Afirmación que además se sustenta en otros documentos relacionados con la aprobación, desarrollo y entrega de los trabajos contratados.

Consta en el oficio de fecha 30 de mayo de 2002 suscrito por el Secretario General de la Alcaldía, Jaime Alfonso Bermúdez, con el cual se informó a Torres Castellar de la aprobación de su oferta que el objeto del contrato era la elaboración de un estudio técnico sobre el sistemas tributario Distrital que establezca las causas que generaron las crisis en la cultura de pagos de los tributos y formule una propuesta de recomendaciones para el desarrollo de una gestión tributaria integral por parte del Distrito Turístico, Cultural e Histórico de Santa Marta.

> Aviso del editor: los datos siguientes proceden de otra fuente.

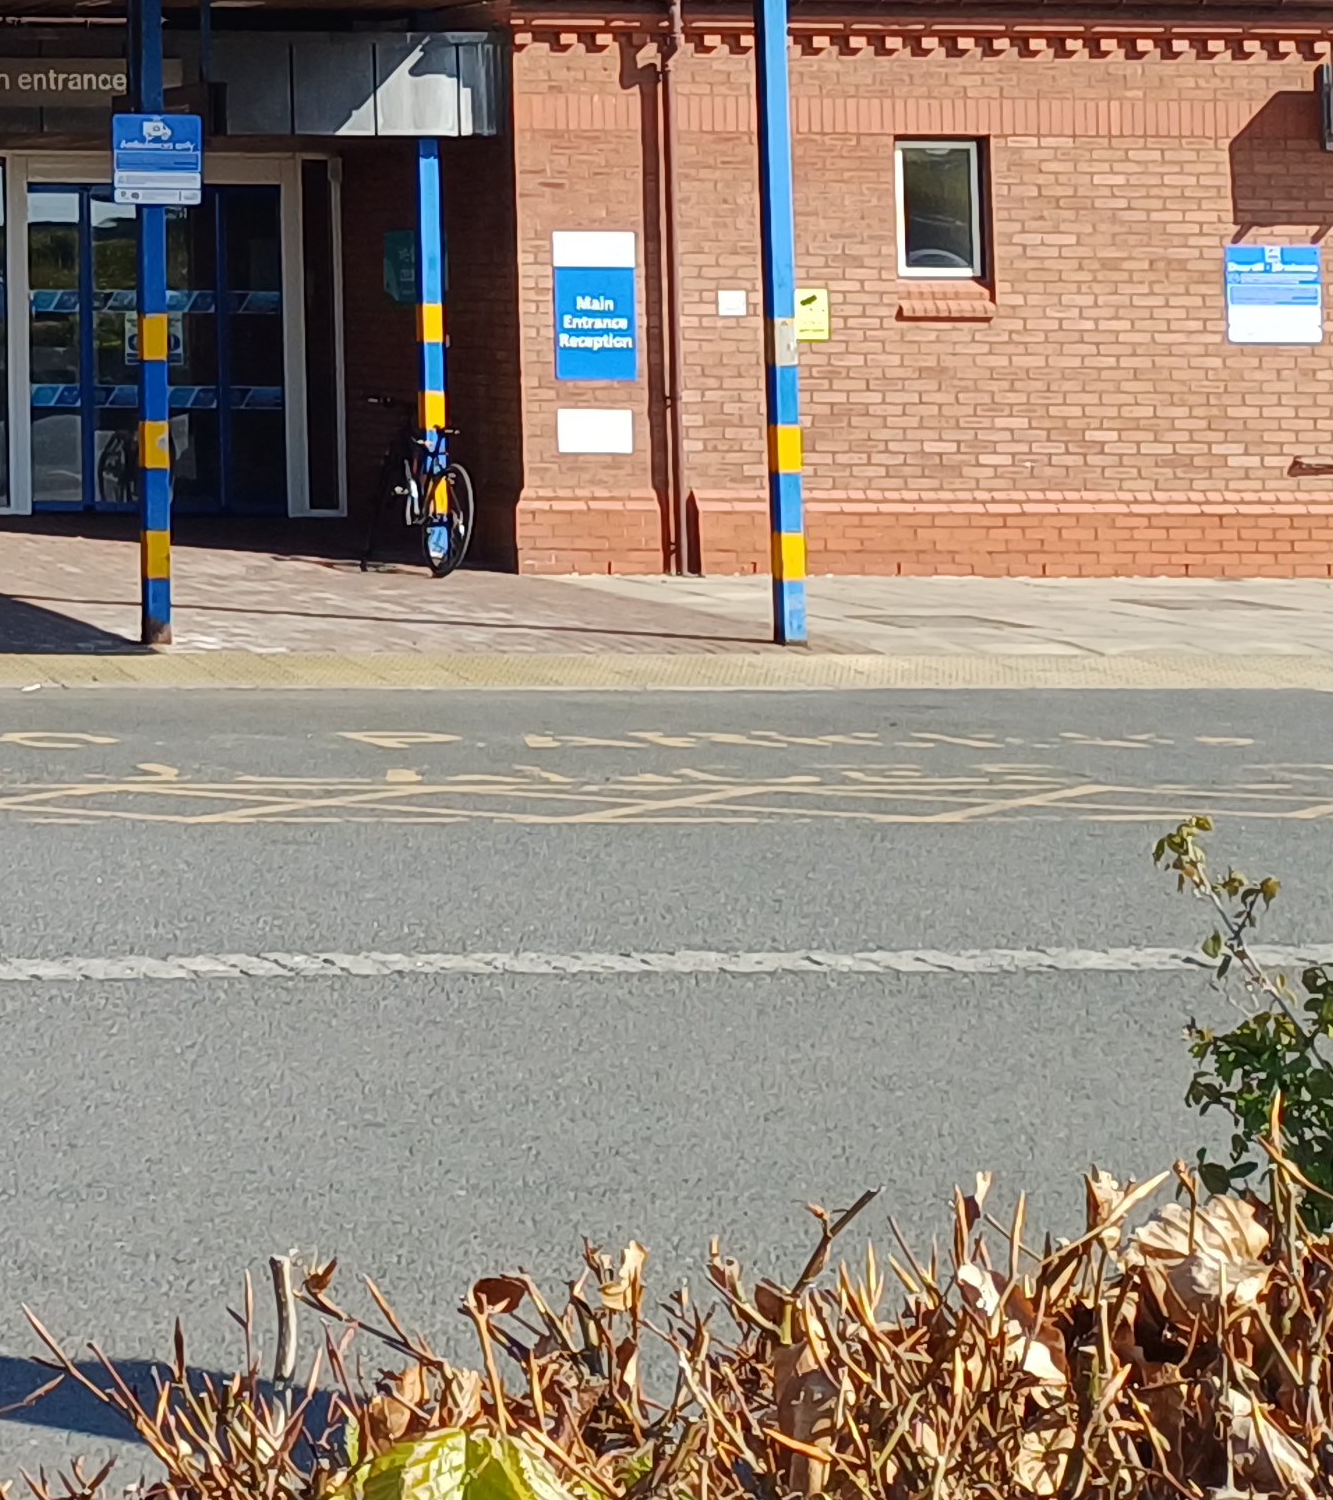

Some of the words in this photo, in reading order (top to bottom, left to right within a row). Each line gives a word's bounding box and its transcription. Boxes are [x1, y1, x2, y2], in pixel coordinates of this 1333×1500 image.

Objeto que igualmente quedó registrado en el Acta de fecha 24 de junio de 2002 suscrita por el interventor, Carlos Meriño Noguera, y el contratista con la cual se formalizó la entrega de los trabajos contratados de acuerdo con el contrato de prestación de servicios 036 de junio 5 de 2002. Sin embargo, para darle apariencia de estudio previo o de conveniencia a este trabajo se pudo acceder a un oficio sin fecha de junio de 2002 suscrita por la Secretaria de Hacienda Distrital de la época, Alicia Mejía, en el que recoge aspectos relevantes del trabajo de Torres Castellar y justifica la contratación con un tercero los procesos de modernización del sistema de gestión tributaria integral. Consideraciones de la señora Mejía que paradójicamente fueron adoptados en el oficio de fecha 18 de julio de 2002 suscrito por el interventor del contrato Meriño Núñez con el que se hicieron las mismas recomendaciones para contratar.

Huelga decir que al amparo de estos antecedentes el actual Alcalde tiene un camino expedito para terminar con una de las concesiones más cuestionadas por la comunidad y recuperar así el control del manejo tributario de la ciudad. Después no se diga que no ayudamos al alcalde con R&T.